December 2017 print of the month

This picture was one from an early spring hike into Devil’s Head Fire Tower along the Colorado front range. It is not such a long hike except for the fact that the Forest Service closes the access in winter to the campground only a mile away from the watch tower, effectively making it a 4+ mile round trip hike… in snow.

Devil’s Head Fire Tower is the only remaining watch tower in Colorado that is still staffed by the National Forest Service for early notification of fires in the area. There are several others still in existence, but they are not staffed by the National Forest Service. Interestingly you can rent one and spend the night there.

Once you get to the rocky promontory, known as Devil’s Thumb, it is easy to see what’s next. The climb up the 143 steps to the station is a bit harrowing. Someone decided to place the steps in one of the last turns over a 100 foot drop.
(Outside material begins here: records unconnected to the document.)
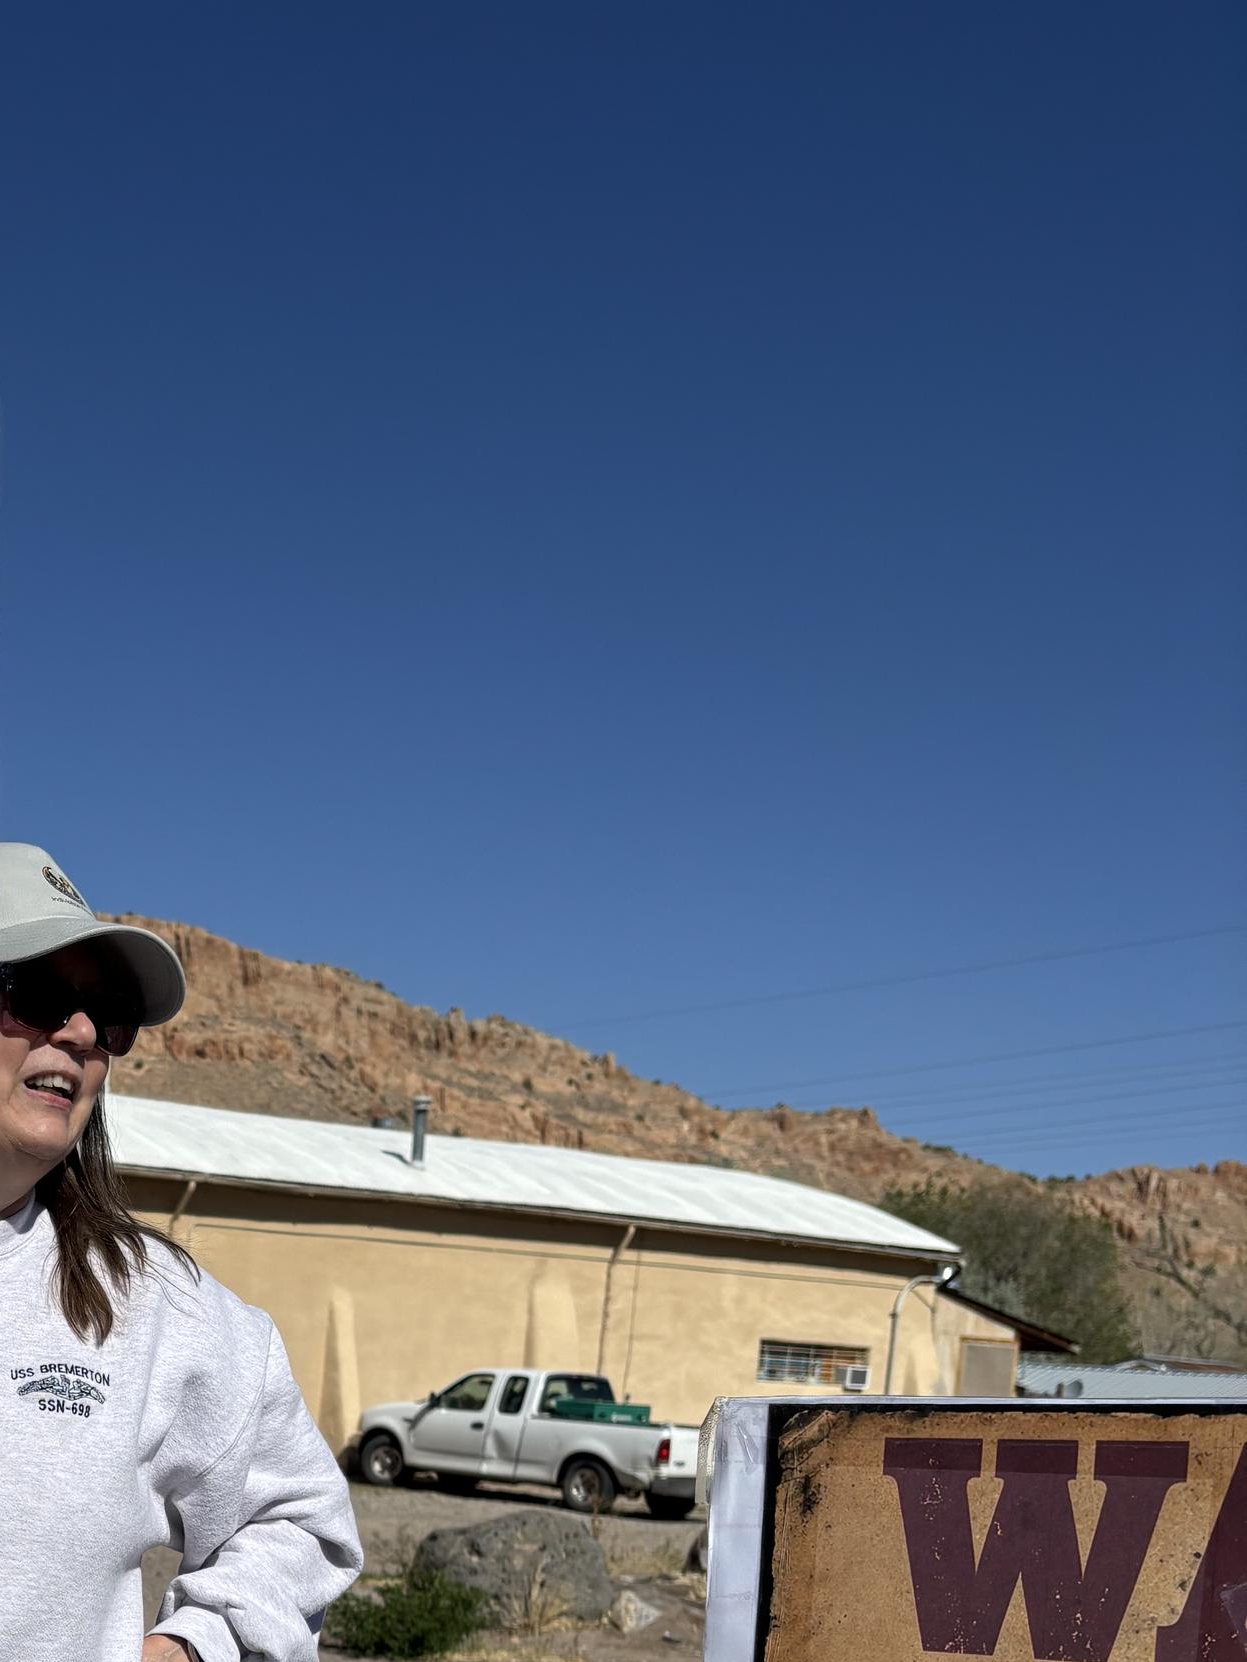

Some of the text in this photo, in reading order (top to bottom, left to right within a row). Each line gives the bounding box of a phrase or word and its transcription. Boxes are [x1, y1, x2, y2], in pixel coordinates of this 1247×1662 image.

[10, 1363, 110, 1386] USS BREMERTON
[38, 1399, 91, 1418] SSN-698
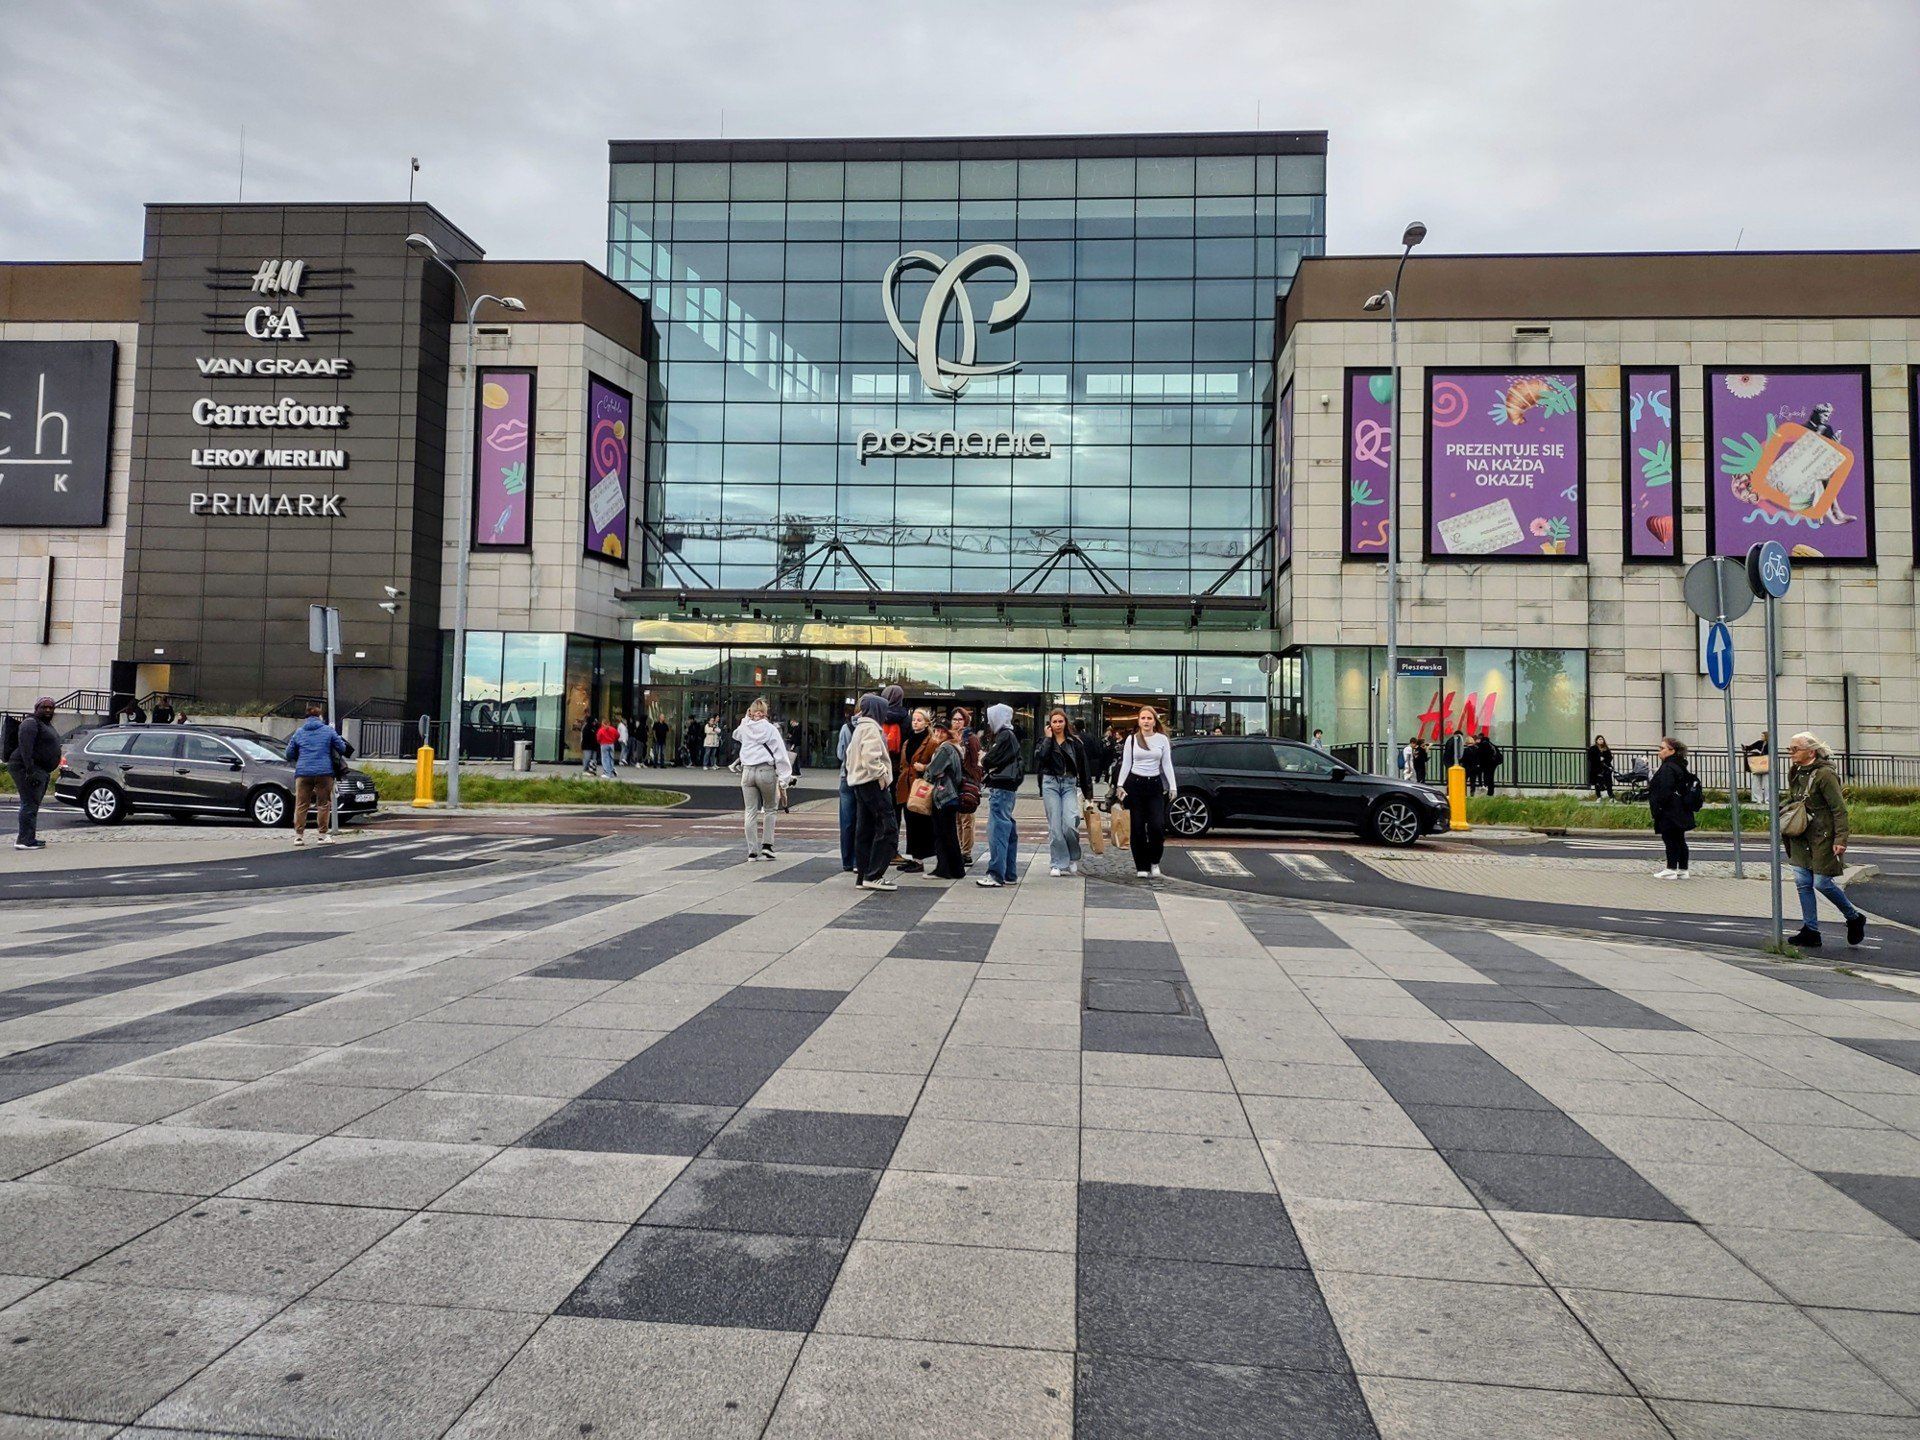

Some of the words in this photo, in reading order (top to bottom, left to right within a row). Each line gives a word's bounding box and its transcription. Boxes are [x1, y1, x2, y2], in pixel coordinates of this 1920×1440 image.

[252, 259, 305, 295] H&M
[244, 305, 305, 339] C&A
[195, 358, 253, 375] VAN
[255, 358, 349, 375] GRAAF
[192, 397, 346, 426] Carrefour
[856, 428, 1051, 461] posnania
[1446, 443, 1540, 457] PREZENTUJE
[1542, 443, 1565, 459] SIĘ
[191, 448, 259, 466] LEROY
[264, 449, 345, 468] MERLIN
[1466, 459, 1489, 472] NA
[1491, 456, 1545, 474] KAŻDĄ
[1475, 474, 1534, 489] OKAZJĘ
[189, 492, 341, 516] PRIMARK
[1401, 663, 1443, 671] Pleszewska
[470, 702, 523, 727] C&A
[1417, 691, 1498, 742] H&M
It’s at first hard to know whether to trust the stairway, so some convincing must be done to go around the last turn to the watchtower. I kept telling myself in the early morning darkness that many other people have done this without peril. It still did not calm the concern that I would be the first.

Thankfully the view and solitude before the sunrise was both sublime and epic. To the south was Pikes Peak. To the east was the great expanse of the western Great Plains. To the north were the lights of the Denver metropolitan area dimming as the sun rose. To the west were the rolling low mountains of the front range leading on to the peaks along the backbone of Colorado. It was a rare and odd juxtaposition. Yet it was a moment that I knew had happened every day for centuries and even millennia. That was truly the reason to have been there.